Problem statement: The records that follow must be transcribed in full, without any change.

Stored records:
···

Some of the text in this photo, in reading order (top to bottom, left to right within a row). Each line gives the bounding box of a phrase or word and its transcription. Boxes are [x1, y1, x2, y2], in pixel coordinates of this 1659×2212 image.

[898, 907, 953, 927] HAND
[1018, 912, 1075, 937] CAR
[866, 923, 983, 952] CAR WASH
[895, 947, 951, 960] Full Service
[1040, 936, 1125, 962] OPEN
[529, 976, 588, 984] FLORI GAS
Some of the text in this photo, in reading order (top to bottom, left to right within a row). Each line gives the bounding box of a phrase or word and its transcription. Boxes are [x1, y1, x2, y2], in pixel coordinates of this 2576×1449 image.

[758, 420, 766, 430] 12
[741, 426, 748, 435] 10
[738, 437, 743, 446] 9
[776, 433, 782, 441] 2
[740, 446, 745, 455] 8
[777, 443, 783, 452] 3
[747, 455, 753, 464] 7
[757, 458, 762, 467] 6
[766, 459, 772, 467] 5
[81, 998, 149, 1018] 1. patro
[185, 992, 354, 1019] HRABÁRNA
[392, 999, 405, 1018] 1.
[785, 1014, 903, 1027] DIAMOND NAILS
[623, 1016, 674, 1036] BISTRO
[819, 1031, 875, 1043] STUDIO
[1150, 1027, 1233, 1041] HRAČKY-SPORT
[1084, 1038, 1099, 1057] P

···

Response to the exercise:
Some of the text in this photo, in reading order (top to bottom, left to right within a row). Each line gives the bounding box of a phrase or word and its transcription. Boxes are [x1, y1, x2, y2], in pixel coordinates of this 1659×2212 image.

[898, 907, 953, 927] HAND
[1018, 912, 1075, 937] CAR
[866, 923, 983, 952] CAR WASH
[895, 947, 951, 960] Full Service
[1040, 936, 1125, 962] OPEN
[529, 976, 588, 984] FLORI GAS
Some of the text in this photo, in reading order (top to bottom, left to right within a row). Each line gives the bounding box of a phrase or word and its transcription. Boxes are [x1, y1, x2, y2], in pixel coordinates of this 2576×1449 image.

[758, 420, 766, 430] 12
[741, 426, 748, 435] 10
[738, 437, 743, 446] 9
[776, 433, 782, 441] 2
[740, 446, 745, 455] 8
[777, 443, 783, 452] 3
[747, 455, 753, 464] 7
[757, 458, 762, 467] 6
[766, 459, 772, 467] 5
[81, 998, 149, 1018] 1. patro
[185, 992, 354, 1019] HRABÁRNA
[392, 999, 405, 1018] 1.
[785, 1014, 903, 1027] DIAMOND NAILS
[623, 1016, 674, 1036] BISTRO
[819, 1031, 875, 1043] STUDIO
[1150, 1027, 1233, 1041] HRAČKY-SPORT
[1084, 1038, 1099, 1057] P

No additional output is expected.